Links von Joseph befindet sich die Familie von Annas zweiter Tochter, Maria Kleophas. Sie gibt ihrem Sohn Josephus Justus die Brust: Das Baby ist vom Nacken bis zu den Füßen vollkommen eingewickelt. Ihr zu Füßen sehen wir ihre beiden Ältesten Söhne, Simon Zelotes und Jakobus den Jüngeren. Simons Linke umklammert ein kleines Tintenfass und zeigt mit der Rechten auf etwas hin: Er scheint dem Jakobus, der dessen Worte auf eine Textrolle niederschreibt, etwas zu diktieren. Links der Maria Kleophas sitzt ihr Gatte Alphäus, der einzige Mann dieser Familiegesellschaft ohne Bart. Er hält eine Textrolle in der Hand,während er seinen Sohn Thaddäus festzuhalten versucht: Ein spielerisches Detail bildet die Brille, die der kleine Judas festhalten darf.
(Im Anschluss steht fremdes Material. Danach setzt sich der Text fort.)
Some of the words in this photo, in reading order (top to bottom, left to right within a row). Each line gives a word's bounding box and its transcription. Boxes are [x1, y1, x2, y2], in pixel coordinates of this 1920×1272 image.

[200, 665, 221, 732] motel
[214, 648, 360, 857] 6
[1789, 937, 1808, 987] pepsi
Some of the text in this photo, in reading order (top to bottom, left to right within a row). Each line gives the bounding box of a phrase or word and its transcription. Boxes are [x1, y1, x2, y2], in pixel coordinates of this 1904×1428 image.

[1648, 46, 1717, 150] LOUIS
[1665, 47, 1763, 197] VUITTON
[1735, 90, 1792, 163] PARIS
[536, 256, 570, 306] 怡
Rechts von der H. Magd Maria ist Annas dritte Tochter, Maria Salome zu sehen. Aus symmetrischen Gründen sitzt ihr Gatte Zebedëus links neben ihr. Er hält eine mittelalterliche Brille vor den Augen und liest eine Textseite. Die beiden Söhne des Paares befinden sich in unmittelbarer Nähe: Es scheint, dass Jakobus der Ältere sich unter ihrem blauen Mantel verstecken möchte, während sein jüngerer Bruder Johannes der Evangelist als nacktes Baby auf dem Schoße seiner Mutter sitzt. An der Seite des Jesuskindes stehen hier also nicht nur seine beiden Basen, sondern man sieht auch eine Anzahl seiner späteren Jünger.

Die beiden Generationen werden visuell durch die Figuren des Emyu auf der äußerst linken Seite und Zacharias auf der äußerst rechten miteinander verbunden; beide sind Teil von Annas verzweigtem Familienkreis. Zacharias reicht der Salome eine lange Textrolle: Er war mit der hl. Elisabeth, der Tochter von Annas Schwester Esmeria, und somit die Kusine der hl. Magd, vermählt; diese ist unter ihm abgebildet. Sie ist als ältere Frau mit weißem Kopftuch und blauem mit tiefen Falten um sie drapiertem Kleid dargestellt. Elisabeth hat sich dem kleinen Johannes dem Evangelisten zugewandt und reicht ihm einen Apfel: der Apfel kann nicht nur als Hinweis auf die Erbsünde interpretiert werden sondern auch als Süßigkeit für junge Kinder gelten. Elisabeths eigener Sohn steht aufrecht vor ihr, sein Name ist quer über die Füße angebracht: Johannes Baptista, oder Johannes der Täufer. Er trägt eine rote Kopfbedeckung und einen langen roten Mantel mit Riemen: Diese eher im Stile eines Erwachsenen gemalten Kleider lassen erkennen, dass er älter ist als sein Vetter Jesus.

Ganz links sehen wir wie Emyu sich mit Gebärden im Gespräch dem Kleophas zuwendet. Unter ihm erkennt man seine Frau Memelia mit exotischem Turban und einem aufgeschlagenen Buch in den Händen. Neben ihr in eine rote Tunika gekleidet, sitzt ihr Sohn Servatius, Bischof von Maastricht und Namenspatron der Stadt (gest. 384), wie der Name auf der Textrolle, die er in den Händen hat, besagt. Nach mittelalterlicher Tradition war Emyu der Sohn des Eliud und der Enkel der Esmeria, der Schwester der hl. Anna: sein Sohn Servatius war somit mit Christus verwandt. Diese legendenhafte Abstammung des Servatius ist bis ins zwölfte Jahrhundert zurückzuverfolgen, und sie wird außerdem von dem mittelalterlichen Verfasser der Legenda Aurea, Jakobus de Voragine, bestätigt. Dass Servatius und seine Eltern in diese Heilige Sippe mit einbezogen wurde, ist besonders zutreffend für ein Gemälde, das für die Kathedrale, deren Namenspatron der hl. Servatius ist, bestimmt war.